Retype each line of the material below word for word; pictures stay out.

....................

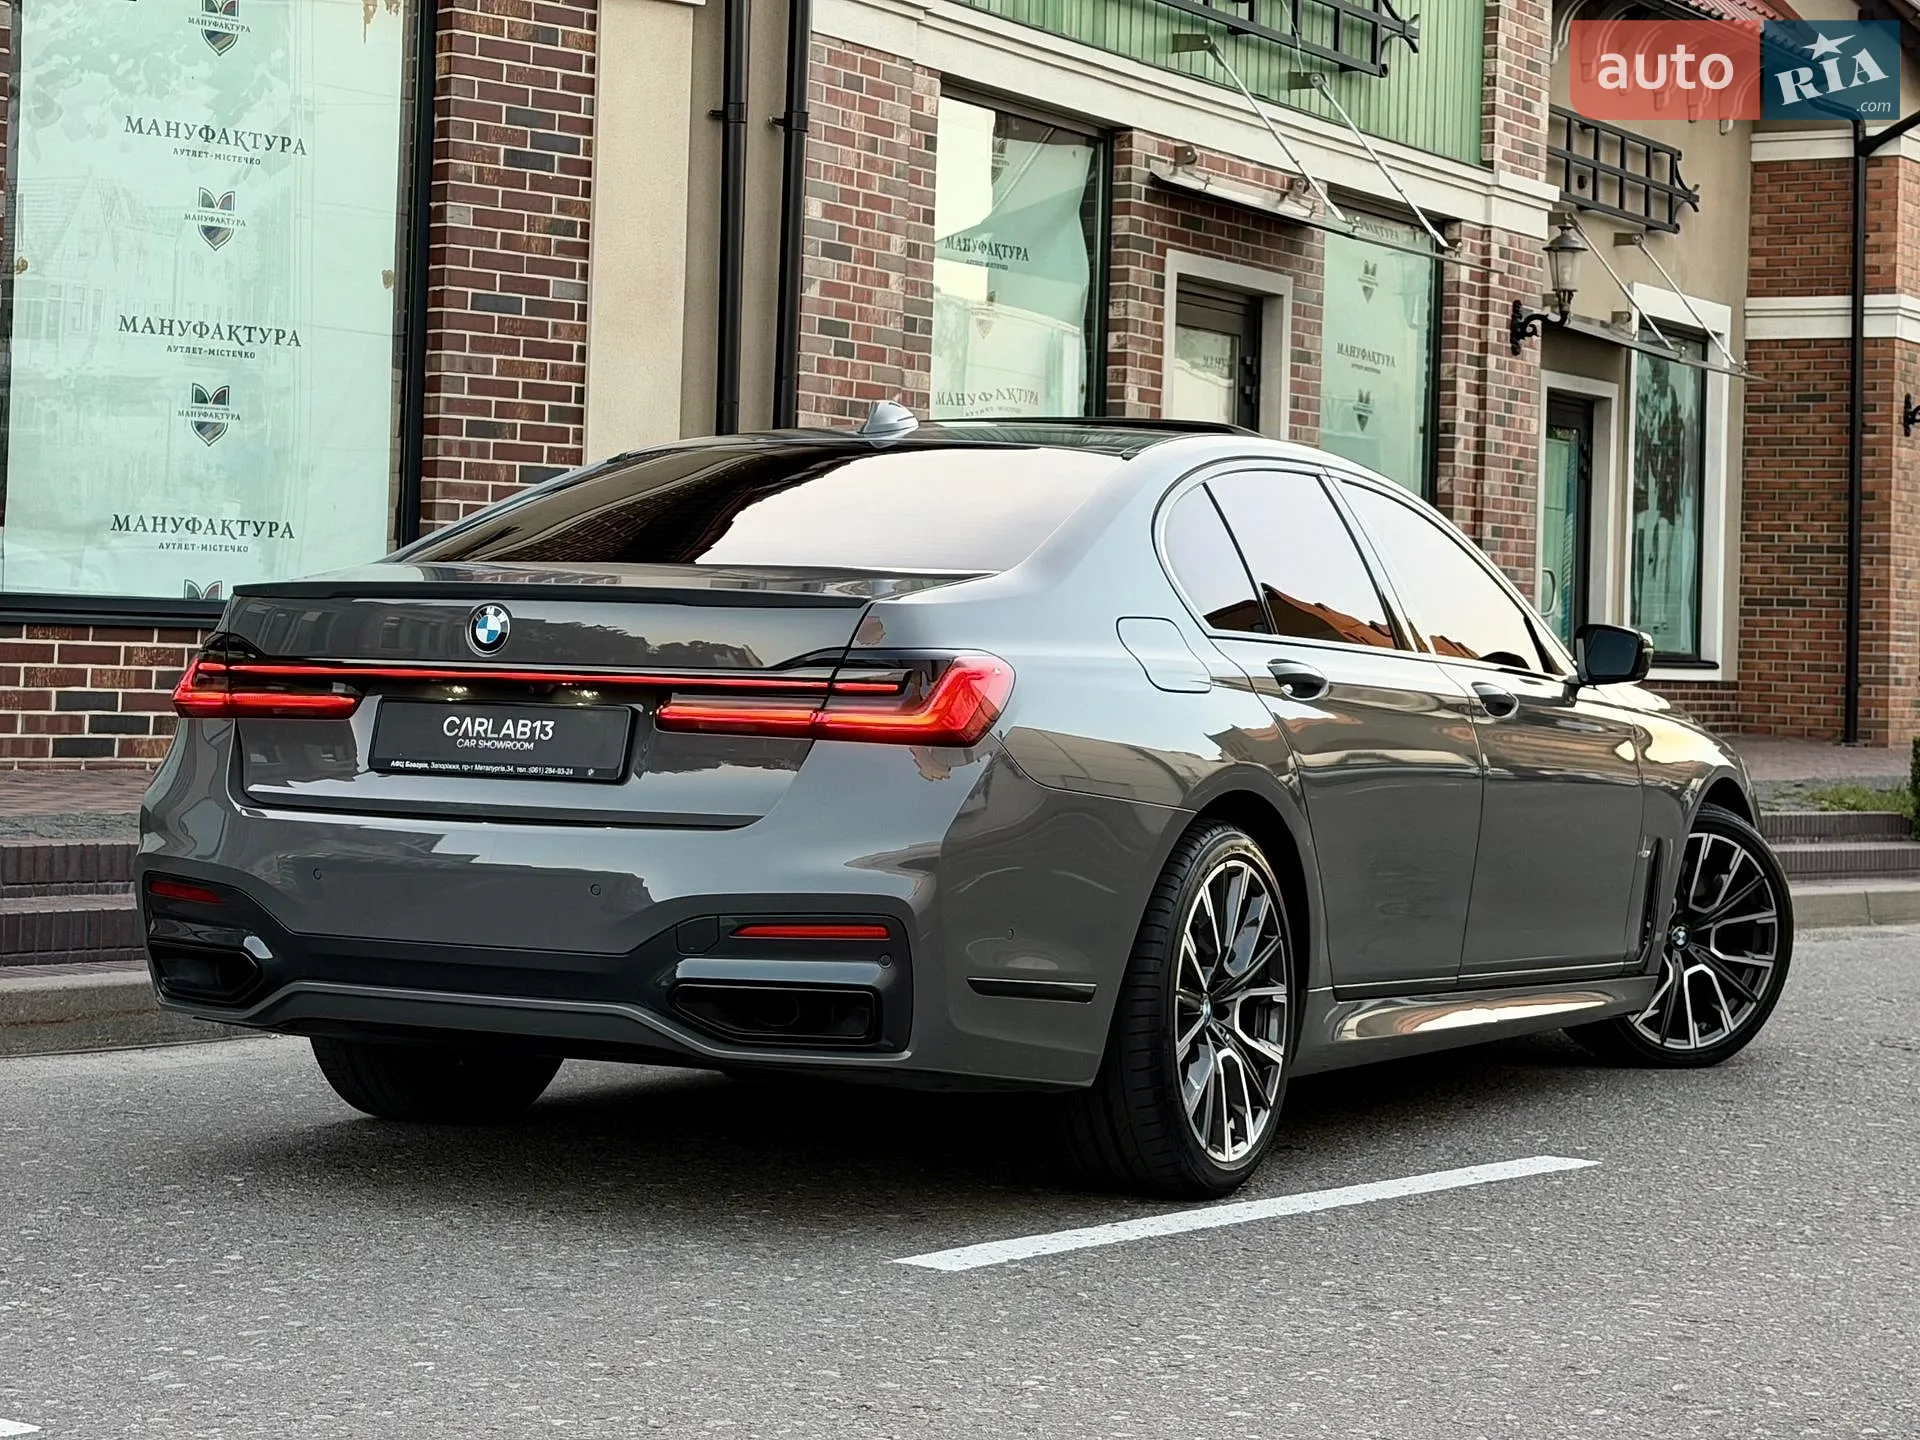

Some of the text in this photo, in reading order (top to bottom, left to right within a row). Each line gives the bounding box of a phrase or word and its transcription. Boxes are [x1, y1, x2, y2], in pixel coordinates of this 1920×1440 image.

[187, 17, 251, 33] МАНУФАКТУРА
[124, 116, 308, 156] МАНУФАКТУРА
[172, 147, 262, 166] АУТЛЕТ-МІСТЕЧКО
[184, 212, 247, 228] МАНУФАКТУРА
[944, 236, 1030, 262] МАНУФАКТУРА
[118, 314, 302, 348] МАНУФАКТУРА
[166, 344, 256, 359] АУТЛЕТ-МІСТЕЧКО
[935, 387, 1039, 406] МАНУФАКТУРА
[177, 409, 241, 421] МАНУФАКТУРА
[110, 513, 295, 541] МАНУФАКТУРА
[158, 541, 249, 554] АУТЛЕТ-МІСТЕЧКО
[443, 716, 555, 741] CARLAB13
[456, 738, 534, 751] CAR SHOWROOM
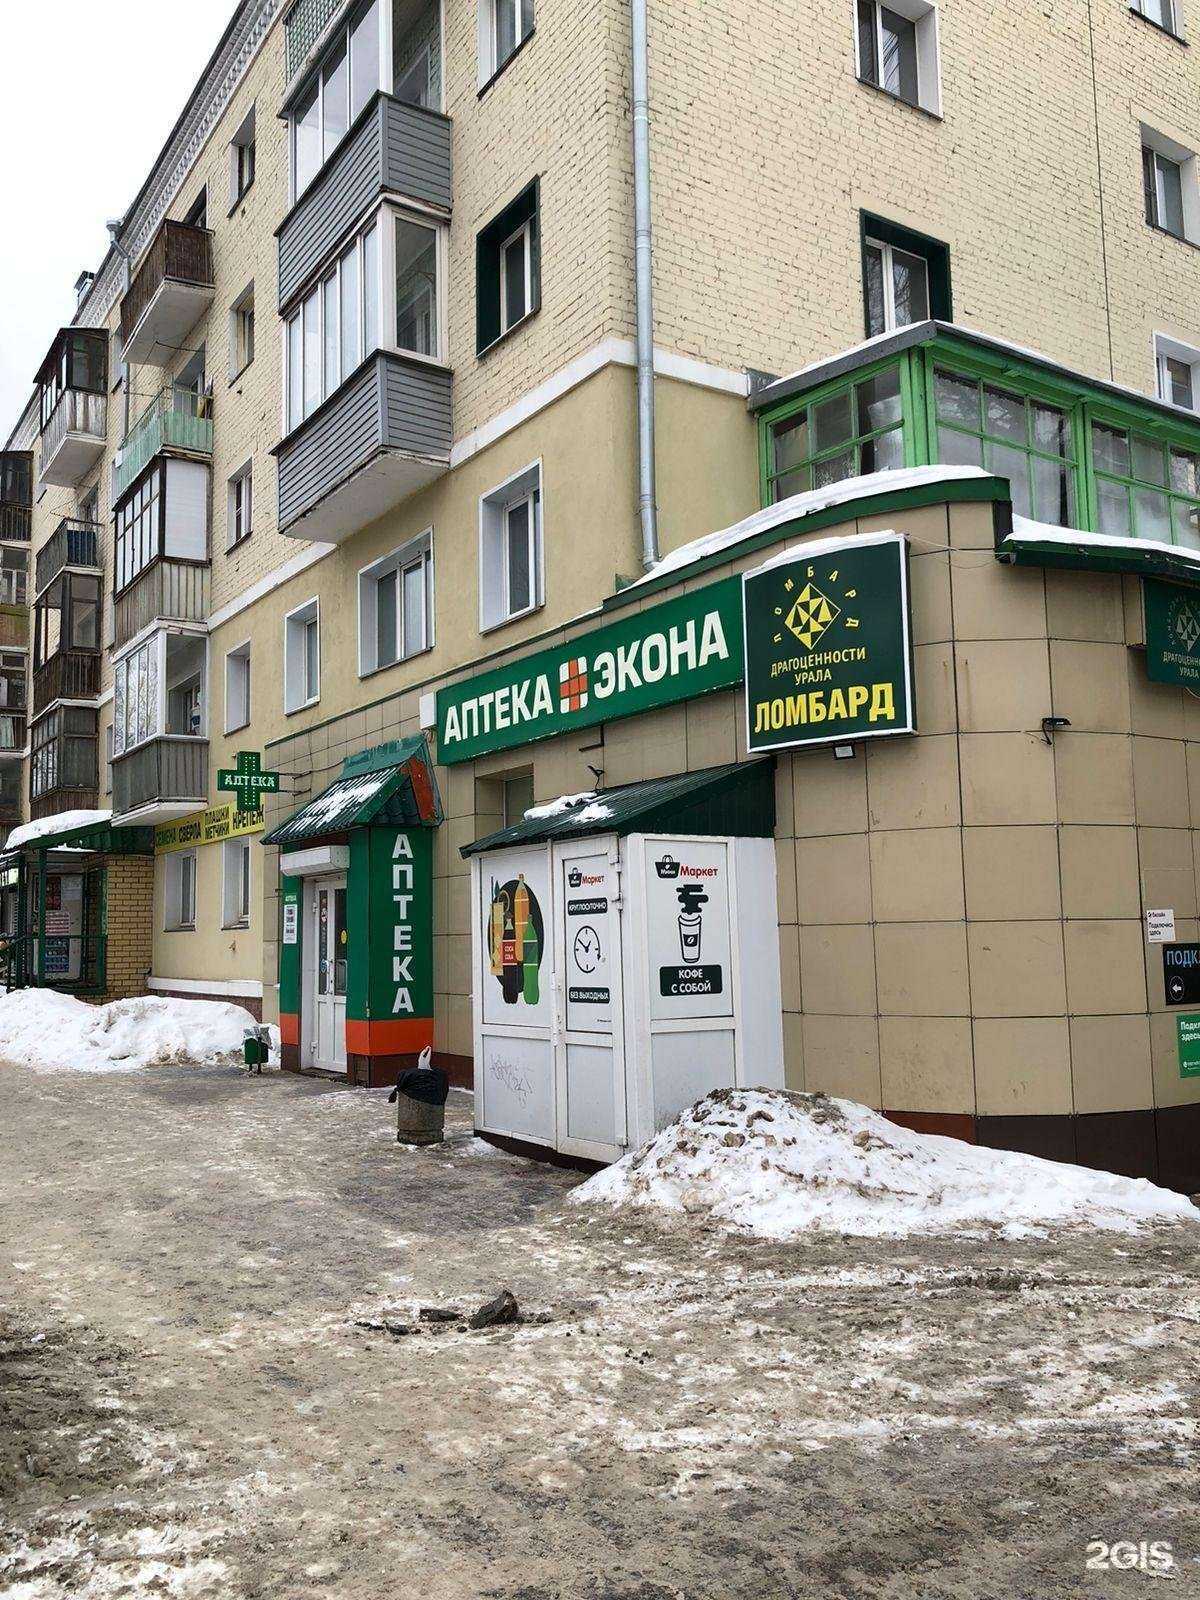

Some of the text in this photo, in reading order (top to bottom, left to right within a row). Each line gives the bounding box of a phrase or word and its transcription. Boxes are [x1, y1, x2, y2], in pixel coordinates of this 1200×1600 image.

[771, 647, 867, 678] ДРАГОЦЕННОСТИ
[443, 610, 730, 745] АПТЕКА ЭКОНА
[794, 668, 832, 686] УРАЛА
[754, 682, 896, 733] ЛОМБАРД
[224, 775, 275, 787] АПТЕКА
[680, 865, 718, 878] Маркет
[581, 875, 605, 885] Маркет
[568, 901, 607, 911] КРУГЛОСУТОЧНО
[392, 834, 414, 1013] АПТЕКА
[1166, 950, 1200, 967] ПОДК
[678, 969, 703, 979] КОФЕ
[671, 980, 711, 993] С СОБОЙ
[570, 991, 609, 1001] БЕЗ ВЫХОДНЫХ
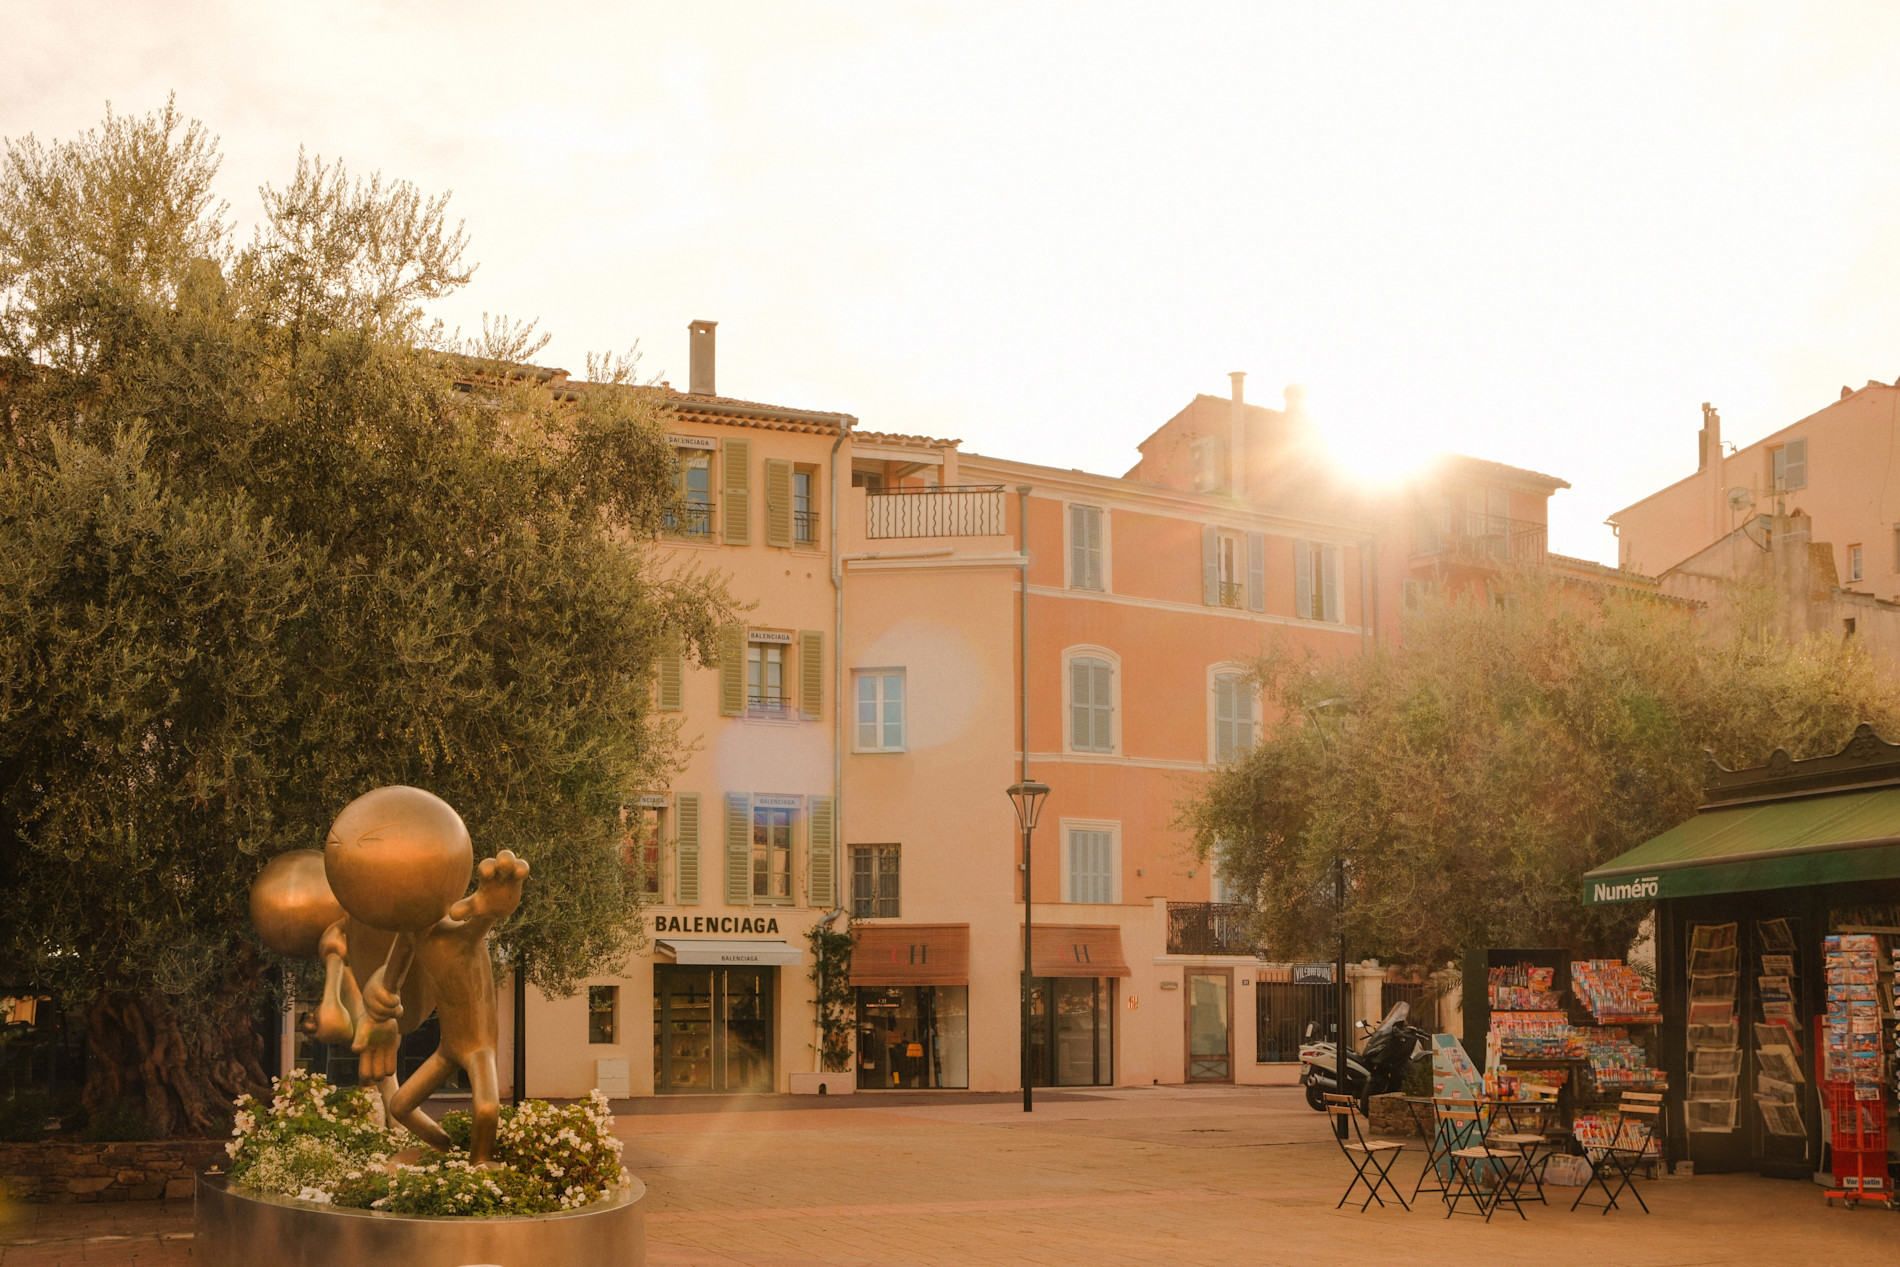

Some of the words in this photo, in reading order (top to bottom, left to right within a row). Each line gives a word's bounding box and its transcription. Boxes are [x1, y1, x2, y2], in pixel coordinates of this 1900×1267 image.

....................

= Exercise response =
Some of the text in this photo, in reading order (top to bottom, left to right within a row). Each line gives the bounding box of a phrase or word and its transcription. Boxes are [x1, y1, x2, y2], in pixel coordinates of this 1920×1440 image.

[187, 17, 251, 33] МАНУФАКТУРА
[124, 116, 308, 156] МАНУФАКТУРА
[172, 147, 262, 166] АУТЛЕТ-МІСТЕЧКО
[184, 212, 247, 228] МАНУФАКТУРА
[944, 236, 1030, 262] МАНУФАКТУРА
[118, 314, 302, 348] МАНУФАКТУРА
[166, 344, 256, 359] АУТЛЕТ-МІСТЕЧКО
[935, 387, 1039, 406] МАНУФАКТУРА
[177, 409, 241, 421] МАНУФАКТУРА
[110, 513, 295, 541] МАНУФАКТУРА
[158, 541, 249, 554] АУТЛЕТ-МІСТЕЧКО
[443, 716, 555, 741] CARLAB13
[456, 738, 534, 751] CAR SHOWROOM

Some of the text in this photo, in reading order (top to bottom, left to right within a row). Each line gives the bounding box of a phrase or word and its transcription. Boxes are [x1, y1, x2, y2], in pixel coordinates of this 1200×1600 image.

[771, 647, 867, 678] ДРАГОЦЕННОСТИ
[443, 610, 730, 745] АПТЕКА ЭКОНА
[794, 668, 832, 686] УРАЛА
[754, 682, 896, 733] ЛОМБАРД
[224, 775, 275, 787] АПТЕКА
[680, 865, 718, 878] Маркет
[581, 875, 605, 885] Маркет
[568, 901, 607, 911] КРУГЛОСУТОЧНО
[392, 834, 414, 1013] АПТЕКА
[1166, 950, 1200, 967] ПОДК
[678, 969, 703, 979] КОФЕ
[671, 980, 711, 993] С СОБОЙ
[570, 991, 609, 1001] БЕЗ ВЫХОДНЫХ

Some of the words in this photo, in reading order (top to bottom, left to right within a row). Each line gives a word's bounding box and its transcription. Boxes are [x1, y1, x2, y2], in pixel coordinates of this 1900×1267 image.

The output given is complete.